GOAL OF THE EXERCISE - Line by line, copy out the data below exactly.

TASK INPUT -
──────

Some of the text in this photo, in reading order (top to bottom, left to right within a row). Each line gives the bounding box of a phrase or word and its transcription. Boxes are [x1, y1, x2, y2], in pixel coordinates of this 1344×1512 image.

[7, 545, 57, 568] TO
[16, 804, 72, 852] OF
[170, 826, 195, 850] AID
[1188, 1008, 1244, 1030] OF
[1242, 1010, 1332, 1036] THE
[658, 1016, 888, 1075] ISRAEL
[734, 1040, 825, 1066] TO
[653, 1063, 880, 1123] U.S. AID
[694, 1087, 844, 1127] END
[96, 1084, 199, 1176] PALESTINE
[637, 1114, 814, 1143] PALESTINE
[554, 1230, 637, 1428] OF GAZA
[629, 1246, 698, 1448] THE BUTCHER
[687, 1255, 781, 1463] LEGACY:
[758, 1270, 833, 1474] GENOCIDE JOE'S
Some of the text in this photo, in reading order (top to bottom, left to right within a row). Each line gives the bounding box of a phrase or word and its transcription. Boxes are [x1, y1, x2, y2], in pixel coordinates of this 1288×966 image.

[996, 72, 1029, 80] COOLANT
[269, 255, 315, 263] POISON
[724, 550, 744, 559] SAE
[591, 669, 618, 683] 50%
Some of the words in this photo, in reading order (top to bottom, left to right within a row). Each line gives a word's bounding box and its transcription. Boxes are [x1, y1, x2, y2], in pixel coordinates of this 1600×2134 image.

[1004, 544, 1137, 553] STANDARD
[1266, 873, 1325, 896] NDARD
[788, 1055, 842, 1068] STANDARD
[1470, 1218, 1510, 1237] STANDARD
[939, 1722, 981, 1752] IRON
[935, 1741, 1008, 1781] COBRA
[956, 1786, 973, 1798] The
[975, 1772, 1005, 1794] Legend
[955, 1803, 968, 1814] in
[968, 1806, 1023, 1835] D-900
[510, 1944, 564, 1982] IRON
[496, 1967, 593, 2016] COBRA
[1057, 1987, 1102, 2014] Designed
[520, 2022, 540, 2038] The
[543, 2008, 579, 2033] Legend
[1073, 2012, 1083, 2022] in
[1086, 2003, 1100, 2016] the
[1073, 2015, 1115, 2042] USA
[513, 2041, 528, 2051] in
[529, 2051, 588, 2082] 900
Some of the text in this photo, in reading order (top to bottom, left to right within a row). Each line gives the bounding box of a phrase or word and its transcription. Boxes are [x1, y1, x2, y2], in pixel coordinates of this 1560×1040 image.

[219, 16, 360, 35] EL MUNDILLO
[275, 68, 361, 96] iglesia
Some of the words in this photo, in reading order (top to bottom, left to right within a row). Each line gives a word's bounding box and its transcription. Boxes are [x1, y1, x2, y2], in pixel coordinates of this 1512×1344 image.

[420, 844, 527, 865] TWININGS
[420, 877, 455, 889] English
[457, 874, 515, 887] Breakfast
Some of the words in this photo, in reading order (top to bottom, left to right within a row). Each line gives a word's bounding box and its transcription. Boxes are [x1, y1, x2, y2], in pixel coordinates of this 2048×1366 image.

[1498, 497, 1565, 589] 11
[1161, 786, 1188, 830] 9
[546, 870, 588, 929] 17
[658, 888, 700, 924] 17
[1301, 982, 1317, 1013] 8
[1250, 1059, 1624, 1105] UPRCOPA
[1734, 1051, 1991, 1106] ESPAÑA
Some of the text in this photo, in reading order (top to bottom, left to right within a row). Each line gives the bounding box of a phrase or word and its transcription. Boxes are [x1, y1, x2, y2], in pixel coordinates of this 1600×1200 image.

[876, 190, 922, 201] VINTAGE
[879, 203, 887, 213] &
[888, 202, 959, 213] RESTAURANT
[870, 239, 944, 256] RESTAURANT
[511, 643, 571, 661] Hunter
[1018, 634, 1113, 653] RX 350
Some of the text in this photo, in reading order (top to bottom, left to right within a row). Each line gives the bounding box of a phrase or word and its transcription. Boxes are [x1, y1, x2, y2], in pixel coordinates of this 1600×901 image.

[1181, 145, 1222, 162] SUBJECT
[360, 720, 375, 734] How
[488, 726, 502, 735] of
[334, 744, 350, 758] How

──────

ANSWER AREA -
Some of the text in this photo, in reading order (top to bottom, left to right within a row). Each line gives the bounding box of a phrase or word and its transcription. Boxes are [x1, y1, x2, y2], in pixel coordinates of this 1344×1512 image.

[7, 545, 57, 568] TO
[16, 804, 72, 852] OF
[170, 826, 195, 850] AID
[1188, 1008, 1244, 1030] OF
[1242, 1010, 1332, 1036] THE
[658, 1016, 888, 1075] ISRAEL
[734, 1040, 825, 1066] TO
[653, 1063, 880, 1123] U.S. AID
[694, 1087, 844, 1127] END
[96, 1084, 199, 1176] PALESTINE
[637, 1114, 814, 1143] PALESTINE
[554, 1230, 637, 1428] OF GAZA
[629, 1246, 698, 1448] THE BUTCHER
[687, 1255, 781, 1463] LEGACY:
[758, 1270, 833, 1474] GENOCIDE JOE'S
Some of the text in this photo, in reading order (top to bottom, left to right within a row). Each line gives the bounding box of a phrase or word and its transcription. Boxes are [x1, y1, x2, y2], in pixel coordinates of this 1288×966 image.

[996, 72, 1029, 80] COOLANT
[269, 255, 315, 263] POISON
[724, 550, 744, 559] SAE
[591, 669, 618, 683] 50%
Some of the words in this photo, in reading order (top to bottom, left to right within a row). Each line gives a word's bounding box and its transcription. Boxes are [x1, y1, x2, y2], in pixel coordinates of this 1600×2134 image.

[1004, 544, 1137, 553] STANDARD
[1266, 873, 1325, 896] NDARD
[788, 1055, 842, 1068] STANDARD
[1470, 1218, 1510, 1237] STANDARD
[939, 1722, 981, 1752] IRON
[935, 1741, 1008, 1781] COBRA
[956, 1786, 973, 1798] The
[975, 1772, 1005, 1794] Legend
[955, 1803, 968, 1814] in
[968, 1806, 1023, 1835] D-900
[510, 1944, 564, 1982] IRON
[496, 1967, 593, 2016] COBRA
[1057, 1987, 1102, 2014] Designed
[520, 2022, 540, 2038] The
[543, 2008, 579, 2033] Legend
[1073, 2012, 1083, 2022] in
[1086, 2003, 1100, 2016] the
[1073, 2015, 1115, 2042] USA
[513, 2041, 528, 2051] in
[529, 2051, 588, 2082] 900
Some of the text in this photo, in reading order (top to bottom, left to right within a row). Each line gives the bounding box of a phrase or word and its transcription. Boxes are [x1, y1, x2, y2], in pixel coordinates of this 1560×1040 image.

[219, 16, 360, 35] EL MUNDILLO
[275, 68, 361, 96] iglesia
Some of the words in this photo, in reading order (top to bottom, left to right within a row). Each line gives a word's bounding box and its transcription. Boxes are [x1, y1, x2, y2], in pixel coordinates of this 1512×1344 image.

[420, 844, 527, 865] TWININGS
[420, 877, 455, 889] English
[457, 874, 515, 887] Breakfast
Some of the words in this photo, in reading order (top to bottom, left to right within a row). Each line gives a word's bounding box and its transcription. Boxes are [x1, y1, x2, y2], in pixel coordinates of this 2048×1366 image.

[1498, 497, 1565, 589] 11
[1161, 786, 1188, 830] 9
[546, 870, 588, 929] 17
[658, 888, 700, 924] 17
[1301, 982, 1317, 1013] 8
[1250, 1059, 1624, 1105] UPRCOPA
[1734, 1051, 1991, 1106] ESPAÑA
Some of the text in this photo, in reading order (top to bottom, left to right within a row). Each line gives the bounding box of a phrase or word and its transcription. Boxes are [x1, y1, x2, y2], in pixel coordinates of this 1600×1200 image.

[876, 190, 922, 201] VINTAGE
[879, 203, 887, 213] &
[888, 202, 959, 213] RESTAURANT
[870, 239, 944, 256] RESTAURANT
[511, 643, 571, 661] Hunter
[1018, 634, 1113, 653] RX 350
Some of the text in this photo, in reading order (top to bottom, left to right within a row). Each line gives the bounding box of a phrase or word and its transcription. Boxes are [x1, y1, x2, y2], in pixel coordinates of this 1600×901 image.

[1181, 145, 1222, 162] SUBJECT
[360, 720, 375, 734] How
[488, 726, 502, 735] of
[334, 744, 350, 758] How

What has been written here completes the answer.